The 24 poems in the collection are, of course, personal. “I insist that they include all of me, from the shoes up — intellectual, personal, humorous, sensuous,” he said.

But he also believes that reading them aloud, using his voice to full effect, adds to their depth and intensity. “I love reading because I want to get as much of that (energy) into my voice as I can.”

Kinnear, 72, moved to Vashon nearly three years ago, brought here by Johnson, whom he met in 2005 at a West Seattle Chamber of Commerce meeting. He was the development director of Explorer West Middle School at the time.

He’s held a number of jobs over the years. He was a college teacher, a bookstore owner, a waiter at 13 Coins (one of his favorite jobs, he said), a grant writer, a carpenter, a modern dancer. Until his retirement in 2010, he was the executive director and sole staff member of Washington Lawyers for the Arts, a nonprofit that provides legal services to artists and arts organizations.

All along, he said, he has written poetry. He wrote his first poem in graduate school at Princeton University, where he studied English literature. Since then, he guesses he’s written close to 500 poems, publishing many of them in a number of reviews, his own collections and one anthology. In 2003, he was the winner of Fine Madness’ Nelson Bentley prize, and he currently has a poem on the Washington State Poet Laureate’s website.

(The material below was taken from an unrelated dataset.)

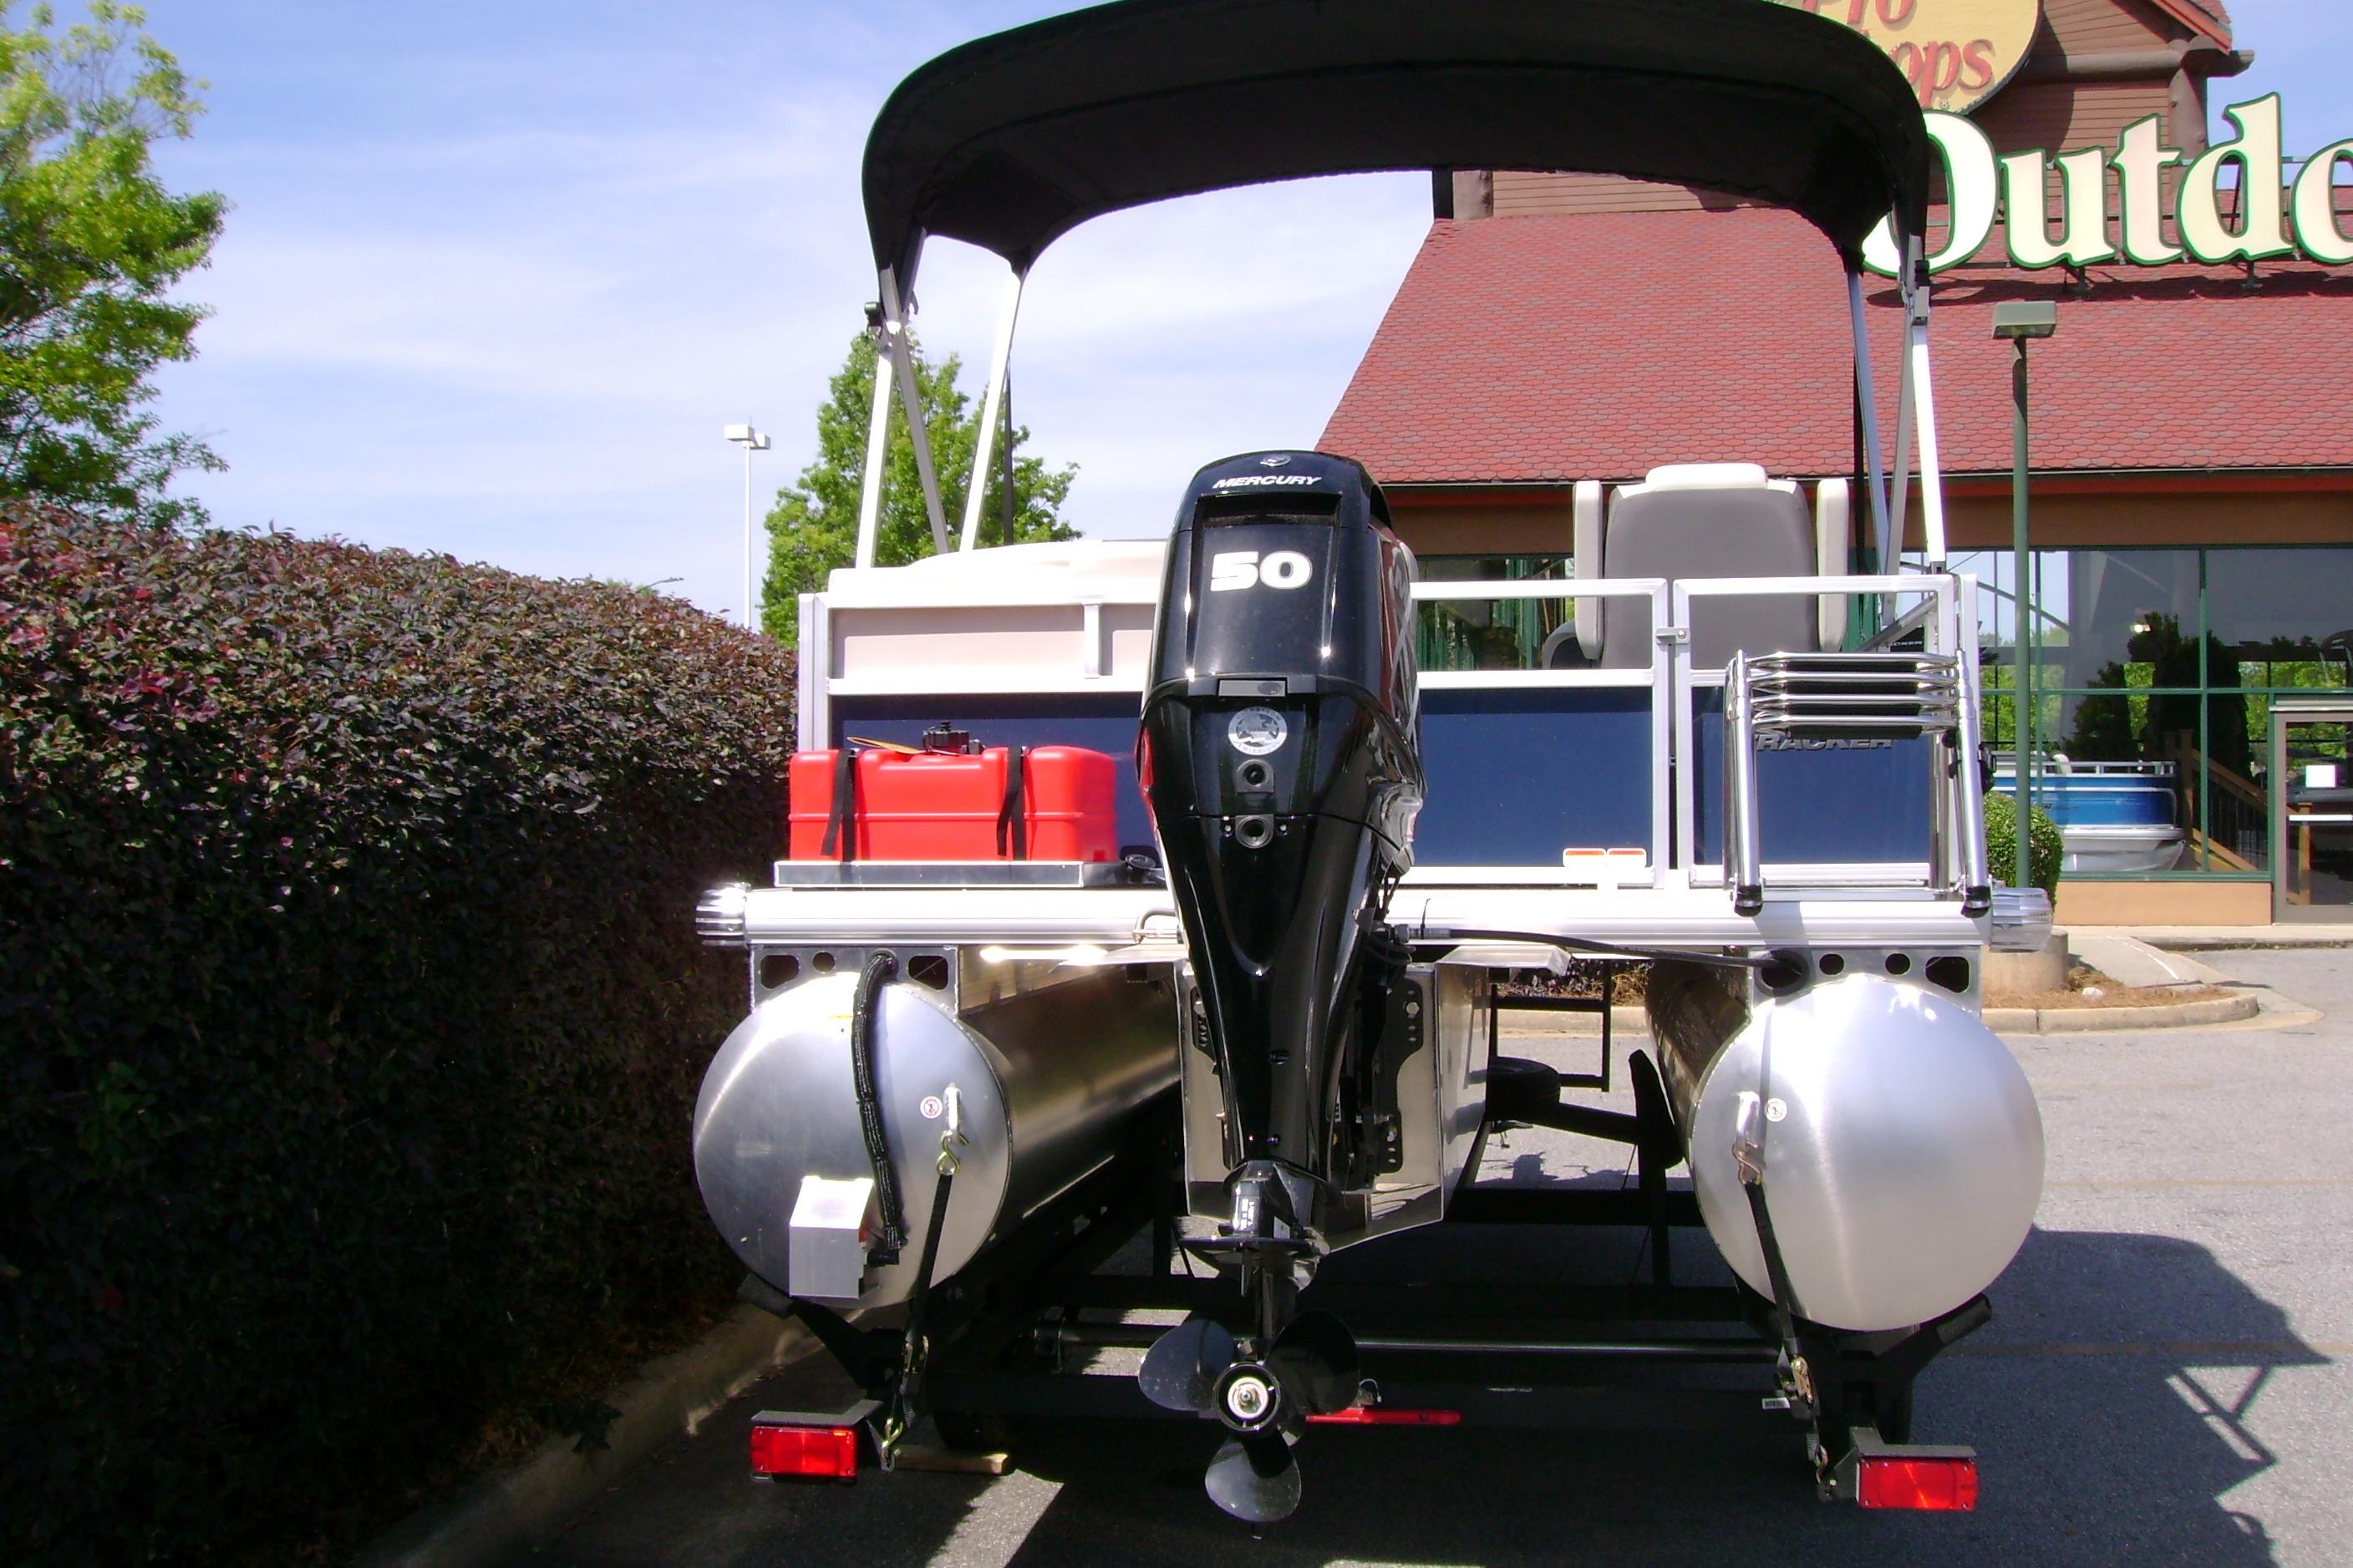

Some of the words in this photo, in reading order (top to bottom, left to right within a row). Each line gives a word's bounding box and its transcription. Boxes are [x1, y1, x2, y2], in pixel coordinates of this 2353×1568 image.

[1212, 475, 1323, 489] MERCURY
[1211, 551, 1314, 592] 50
[1755, 733, 1893, 751] RACKER

Prolific and open with his poetry, Kinnear even sends out a poem with his holiday cards. This year, recipients received a poem, printed on soft yellow paper, called “Dreamtime,” where “dream” is an old woman, or perhaps Puget Sound. “Float out on her limpid surface / only faintly salt, in my slim / lapstrake dory.”

Though he’s not lived here long, he has found a place of honor among the Vashon literary scene; he was a moving force in the creation of the Vashon Poetry Fest.

“Since he has moved to Vashon Island, I have found a peer in both the art and craft of poetry,” said Ann Spiers, a well-known island poet. “He has the gift of talking about love that’s rooted in his own personal experience. His poems allow the reader to enter his world of love and recognize its strength and its raw exhilaration.”

For Kinnear, poetry is always with him. He keeps a journal, jotting down thoughts and images, and reads the works of others who he finds particularly interesting; a favorite these days is Lucie Brock-Brodio.

“I’m thinking in the place where poems come from all the time,” he said.

Asked where that place is, he paused. In silence, he said. In solitude. Or “when I see a woodpecker or ducks on the water or remember a moment with Jennifer that was particularly wonderful.”

 

Cal Kinnear will read from his book “Shale Eyes” at 6 p.m. Friday at the Vashon Bookshop.